What you should do: Every picture should be left out, but the lines below must be repeated exactly.

[Referring expression grounding data]

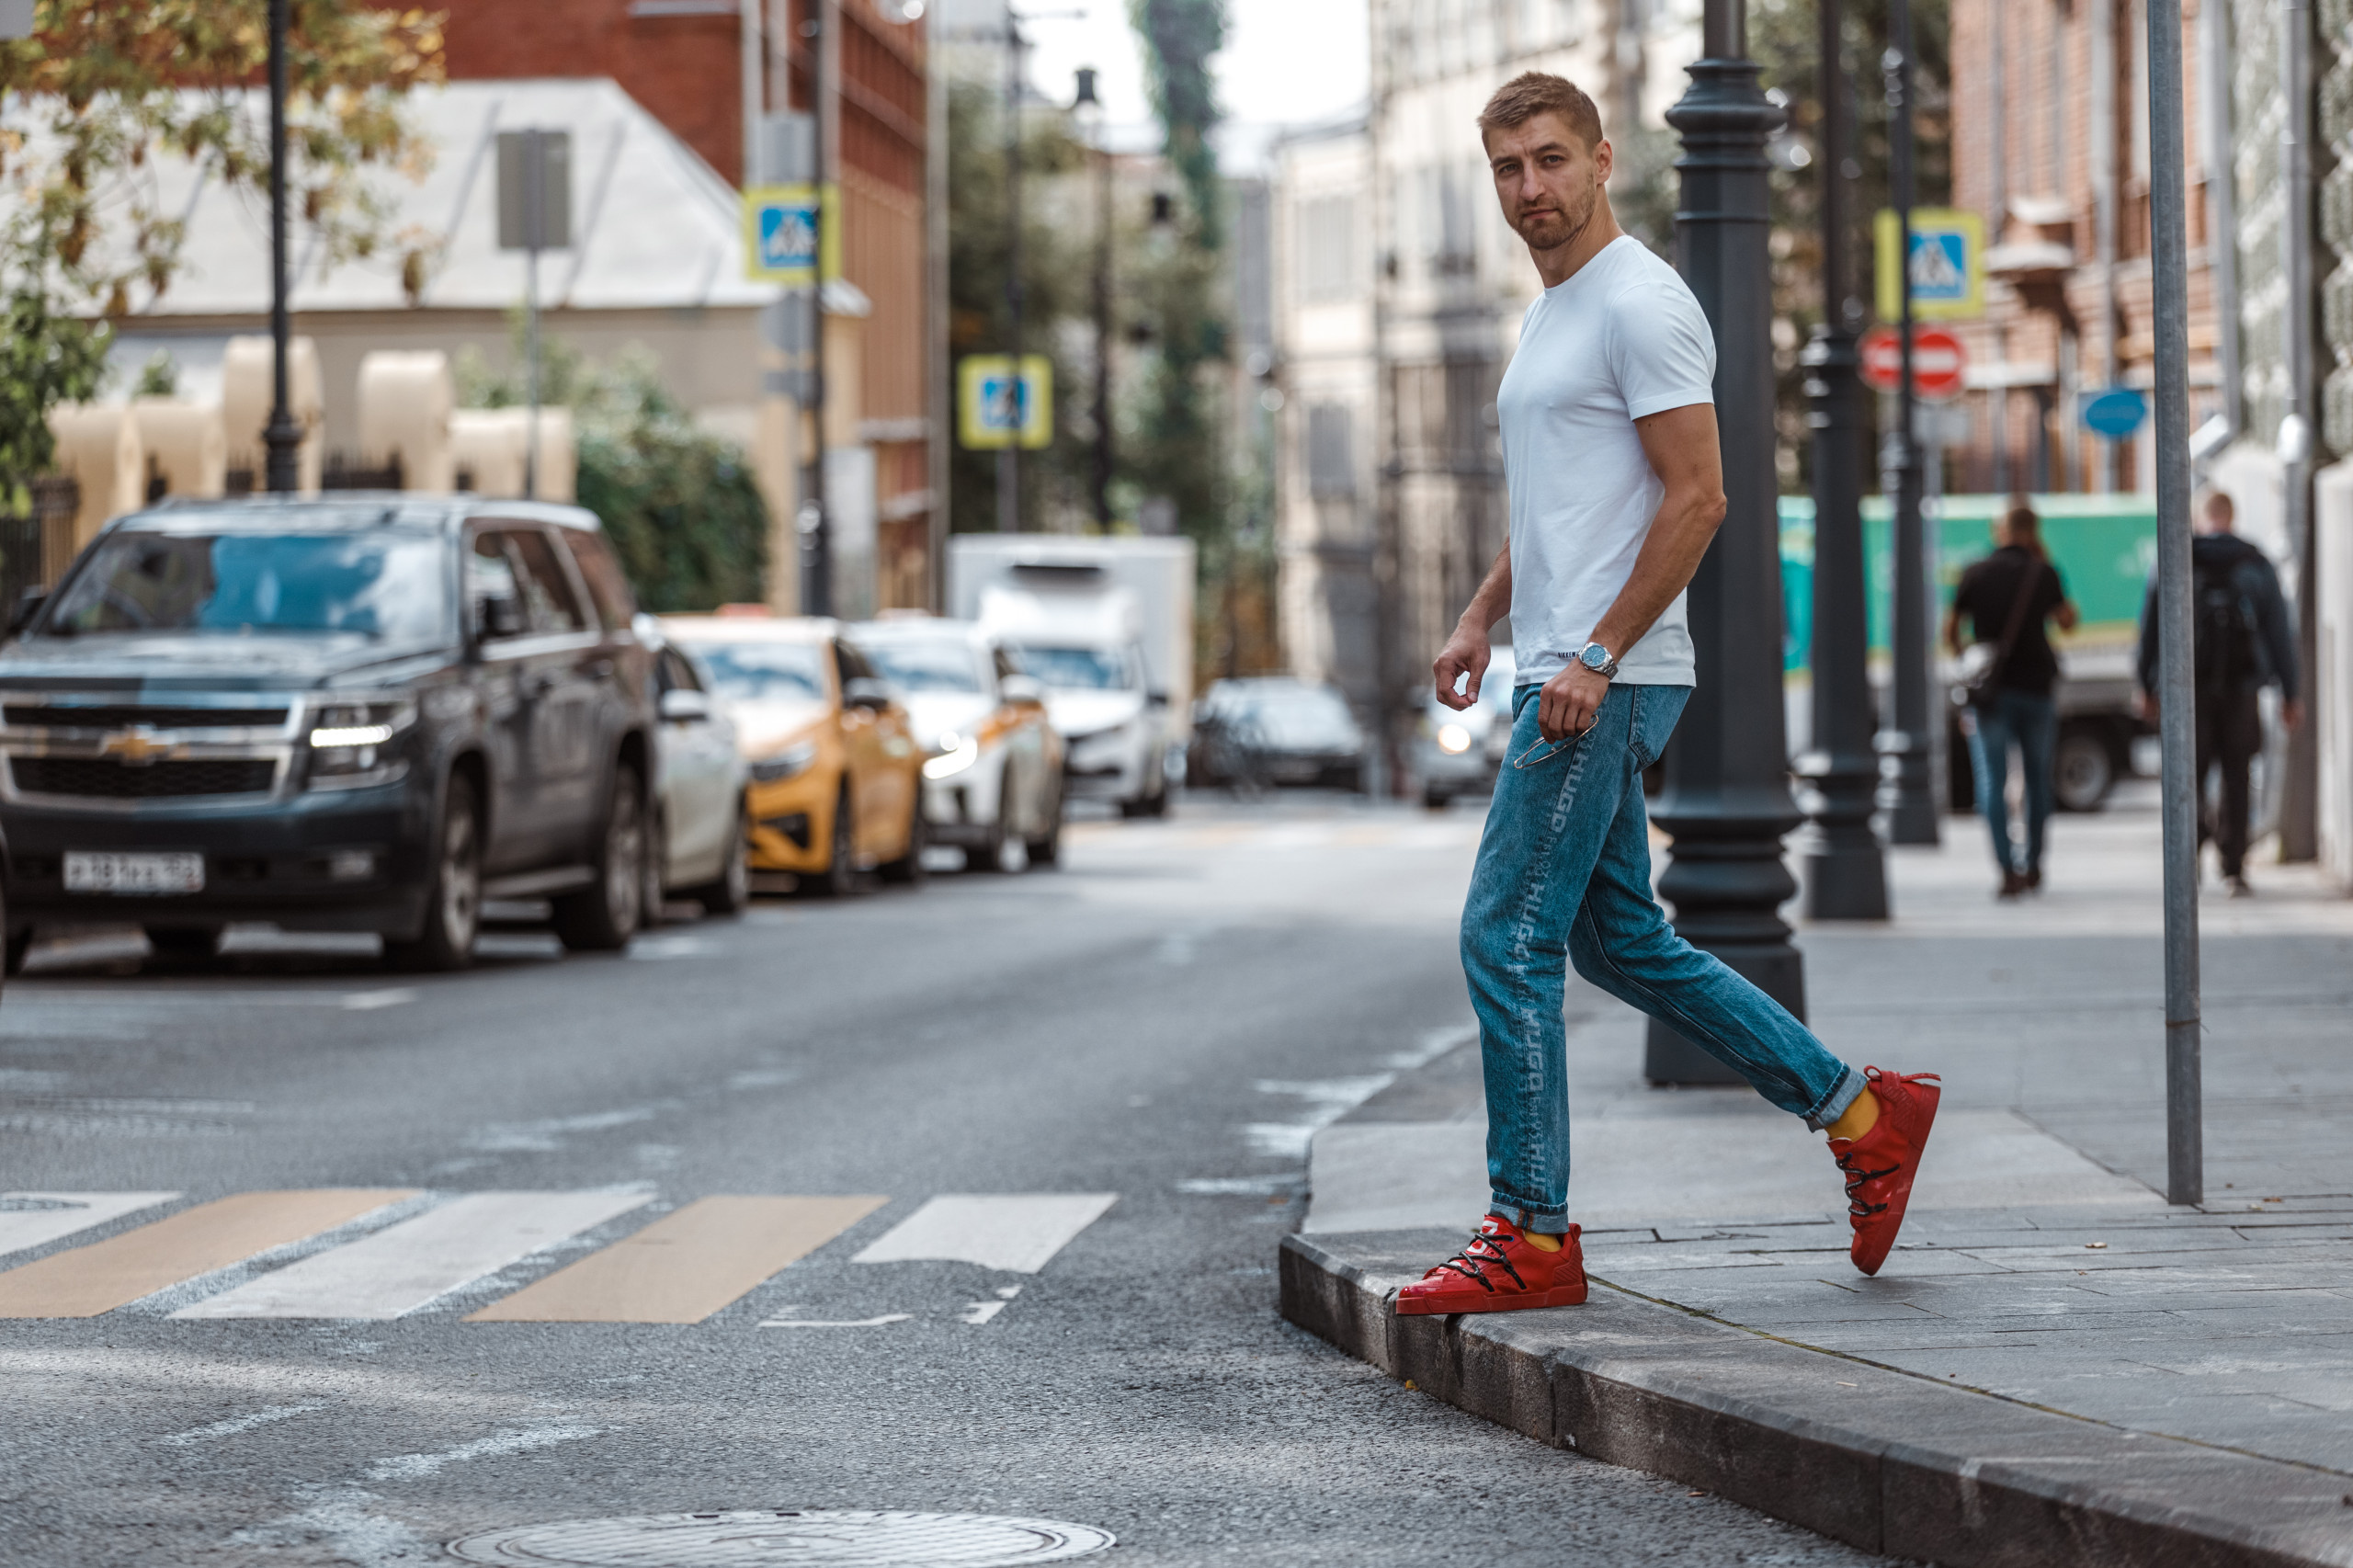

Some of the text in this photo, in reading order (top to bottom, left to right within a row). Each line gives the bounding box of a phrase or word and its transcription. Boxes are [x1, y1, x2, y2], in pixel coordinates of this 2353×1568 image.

[1551, 753, 1588, 833] HUGO
[1513, 882, 1545, 961] HUGO
[1520, 1007, 1544, 1091] HUGO
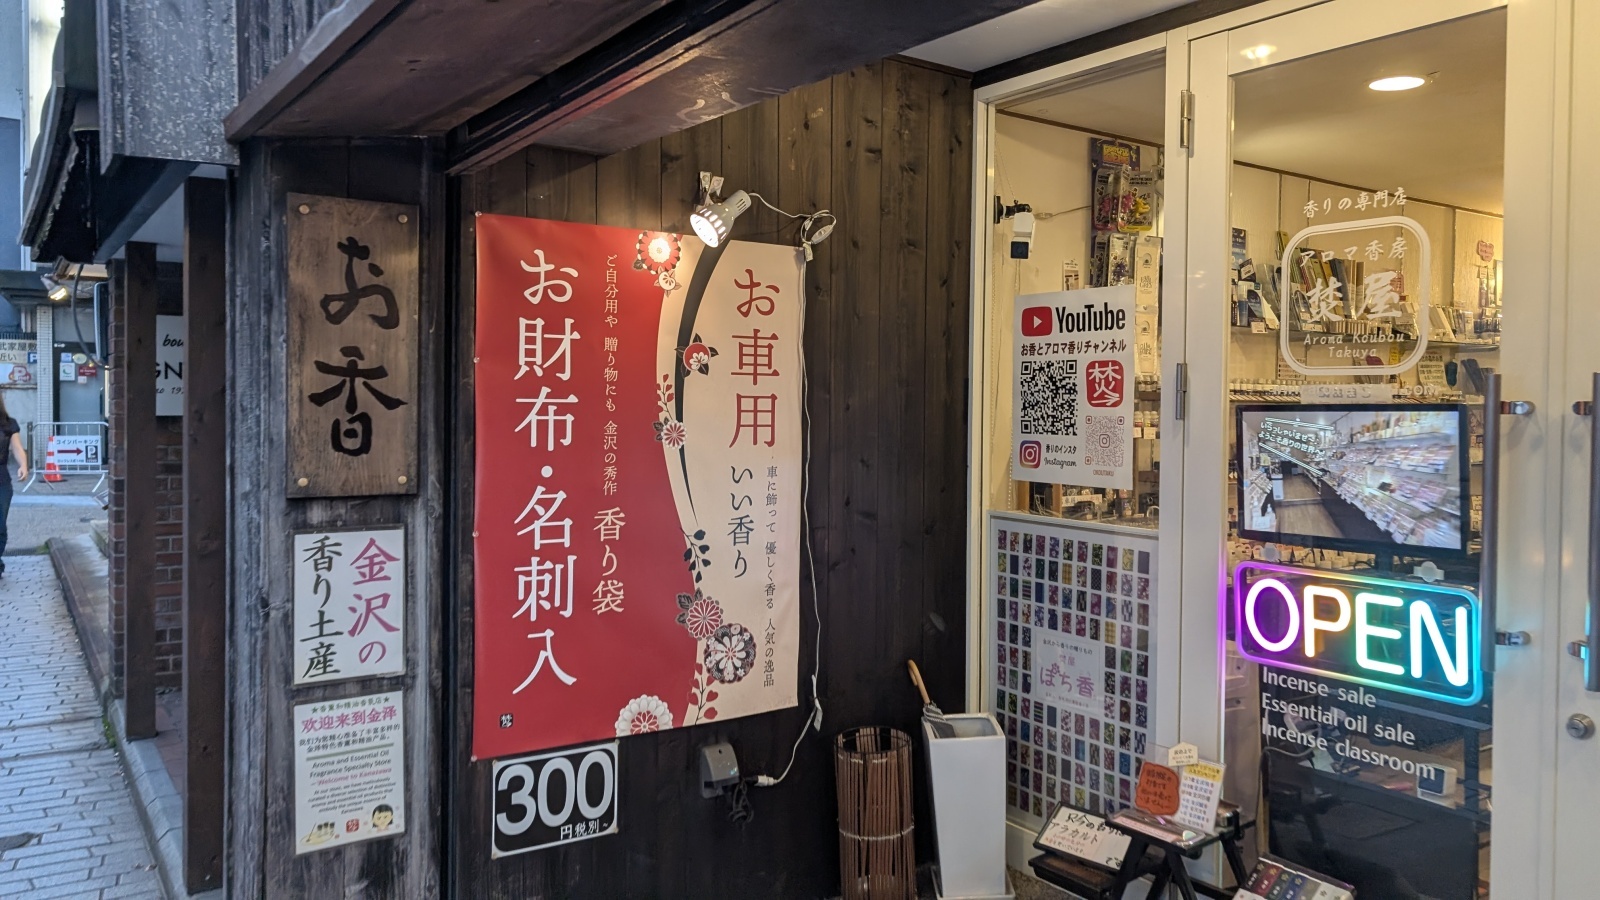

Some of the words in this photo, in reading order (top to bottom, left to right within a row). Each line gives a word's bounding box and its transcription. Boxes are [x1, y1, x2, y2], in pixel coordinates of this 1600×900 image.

[1303, 187, 1408, 218] 香りの専門店
[1300, 237, 1408, 267] アロマ香房
[603, 254, 619, 328] ご自分用や
[1055, 302, 1126, 334] YouTube
[308, 236, 408, 456] お香
[728, 268, 781, 449] お車用
[1021, 339, 1127, 357] お香とアロマ香りチャンネル
[1303, 333, 1344, 345] Aroma
[1352, 331, 1405, 343] Koubou
[1328, 347, 1378, 358] Takuya
[603, 337, 619, 412] 贈り物にも
[512, 248, 581, 695] お財布・名刺入
[602, 420, 618, 496] 金沢の秀作
[1044, 456, 1077, 469] Instagram
[1045, 443, 1077, 454] 香りのインスタ
[727, 465, 755, 579] いい香り
[765, 465, 778, 533] 車に飾って
[592, 506, 626, 615] 香り袋
[764, 541, 777, 610] 優しく香る
[299, 535, 344, 679] 香り土産
[348, 537, 401, 664] 金沢の
[1245, 578, 1469, 687] OPEN
[763, 618, 776, 688] 人気の逸品
[1262, 666, 1329, 697] Incense
[1337, 686, 1377, 708] sale
[301, 705, 397, 734] 欢迎来到金泽
[1262, 692, 1338, 727] Essential
[1344, 714, 1367, 734] oil
[1374, 723, 1416, 746] sale
[1262, 717, 1328, 751] Incense
[1335, 739, 1436, 780] classroom
[310, 767, 342, 778] Fragrance
[344, 762, 373, 773] Specialty
[374, 759, 391, 767] Store
[312, 760, 335, 769] Aroma
[336, 756, 349, 764] and
[350, 751, 379, 762] Essential
[496, 750, 614, 836] 300

Your response:
Some of the text in this photo, in reading order (top to bottom, left to right within a row). Each line gives the bounding box of a phrase or word and its transcription. Boxes are [x1, y1, x2, y2], in pixel coordinates of this 2353×1568 image.

[1551, 753, 1588, 833] HUGO
[1513, 882, 1545, 961] HUGO
[1520, 1007, 1544, 1091] HUGO

Some of the words in this photo, in reading order (top to bottom, left to right within a row). Each line gives a word's bounding box and its transcription. Boxes are [x1, y1, x2, y2], in pixel coordinates of this 1600×900 image.

[1303, 187, 1408, 218] 香りの専門店
[1300, 237, 1408, 267] アロマ香房
[603, 254, 619, 328] ご自分用や
[1055, 302, 1126, 334] YouTube
[308, 236, 408, 456] お香
[728, 268, 781, 449] お車用
[1021, 339, 1127, 357] お香とアロマ香りチャンネル
[1303, 333, 1344, 345] Aroma
[1352, 331, 1405, 343] Koubou
[1328, 347, 1378, 358] Takuya
[603, 337, 619, 412] 贈り物にも
[512, 248, 581, 695] お財布・名刺入
[602, 420, 618, 496] 金沢の秀作
[1044, 456, 1077, 469] Instagram
[1045, 443, 1077, 454] 香りのインスタ
[727, 465, 755, 579] いい香り
[765, 465, 778, 533] 車に飾って
[592, 506, 626, 615] 香り袋
[764, 541, 777, 610] 優しく香る
[299, 535, 344, 679] 香り土産
[348, 537, 401, 664] 金沢の
[1245, 578, 1469, 687] OPEN
[763, 618, 776, 688] 人気の逸品
[1262, 666, 1329, 697] Incense
[1337, 686, 1377, 708] sale
[301, 705, 397, 734] 欢迎来到金泽
[1262, 692, 1338, 727] Essential
[1344, 714, 1367, 734] oil
[1374, 723, 1416, 746] sale
[1262, 717, 1328, 751] Incense
[1335, 739, 1436, 780] classroom
[310, 767, 342, 778] Fragrance
[344, 762, 373, 773] Specialty
[374, 759, 391, 767] Store
[312, 760, 335, 769] Aroma
[336, 756, 349, 764] and
[350, 751, 379, 762] Essential
[496, 750, 614, 836] 300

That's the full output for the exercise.